Библиотека плавательного бассейна - [35]
— Это потому, что я ужасно молод и привлекателен, — в меру своих способностей нашелся я, после чего, как говорят французы, бросился спасаться — разумеется, налетев при этом на мисс Манеру.
— Сучка неуклюжая, — прошипел он с такой злобой, что я не смог удержаться от смеха.
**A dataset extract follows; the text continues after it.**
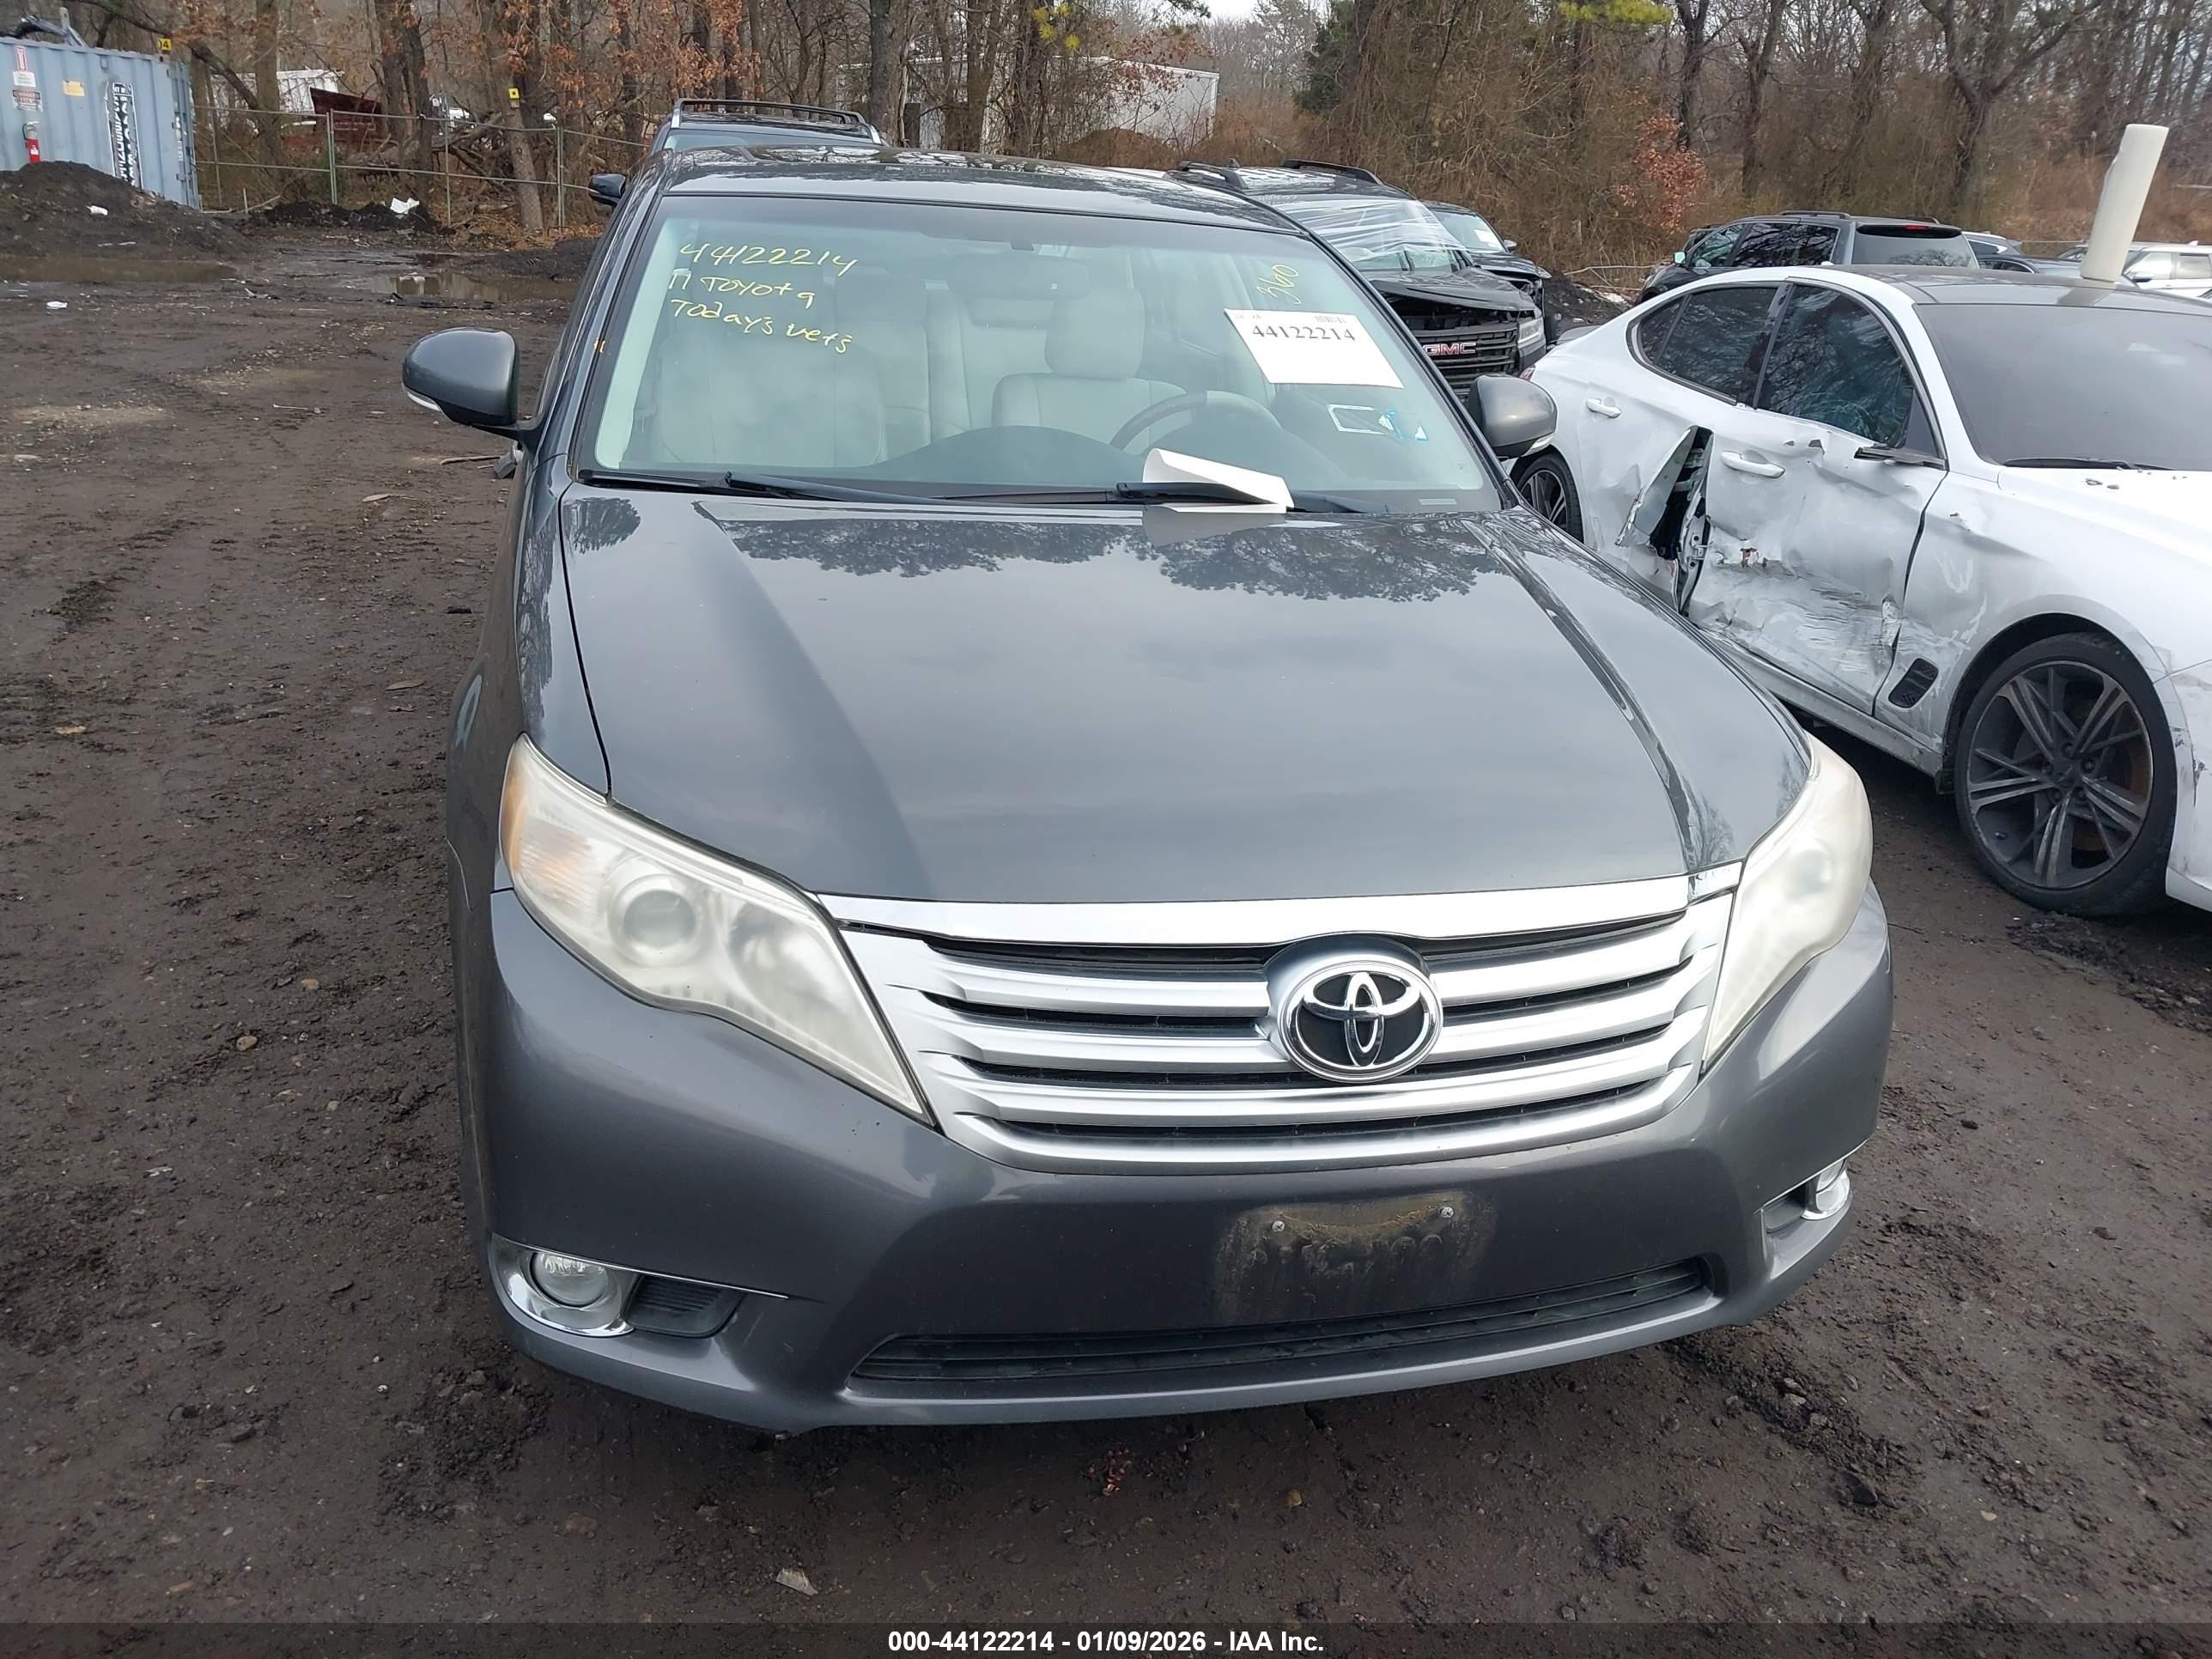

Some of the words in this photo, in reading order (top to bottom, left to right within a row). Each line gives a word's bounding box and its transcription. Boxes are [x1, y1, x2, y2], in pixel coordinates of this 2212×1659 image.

[680, 243, 858, 276] 44122214
[1252, 325, 1356, 341] 44122214
[1424, 342, 1477, 356] GMC
В метро, по дороге домой, я снова раскрыл книжку Фербанка. Я уже перешел к «Надменному ниггеру», хотя и разделял мнение Джеймса, предпочитавшего другое название этого романа: «Скорбь под солнцем». Как хотелось Майами приподнять малиновую набедренную повязку Бамбу! «У нее часто возникало сильное желание ее сорвать». Развалившись на сиденье, я погрузился в размышления о замечательных словах Бамбу: «Я в тебя такой влюбленный, Мими». А когда я подходил к дому, слова эти постепенно превращались в стертую, бессмысленную фразу, подобную тем, которые я порой целыми днями твердил себе и всем вокруг, а то и напевал на манер арий Генделя или песен Элвиса Пресли. Сам того не ожидая, я принялся бормотать эти слова — всё более взволнованно и совершенно не к месту, — когда вошел в квартиру, громко поздоровался, обшарил все комнаты и обнаружил, что Артур исчез.
4
Дом Чарльза Нантвича стоял неподалеку от Хаггин-Хилл, на улочке столь узкой, что ее закрыли для транспорта и перестали отмечать на карте в путеводителе по Лондону. Это был мощенный булыжником тупик, перегороженный с открытого конца двумя врытыми в землю алюминиевыми кнехтами с зубчатыми краями. На полпути, по левую сторону улочки, возвышался фасад из багрянистого лондонского кирпича; за верхним его парапетом виднелись мансардные окна, выходившие на крыши частично брошенных соседних зданий. Это был богатый купеческий дом, построенный после Пожара[58], в простом и изысканном стиле, если не считать вычурной дверной коробки с ее изящно застекленным веерообразным окном и массивным навесом, чьи опоры с роскошными завитками были изуродованы множеством поколений декоративных белил.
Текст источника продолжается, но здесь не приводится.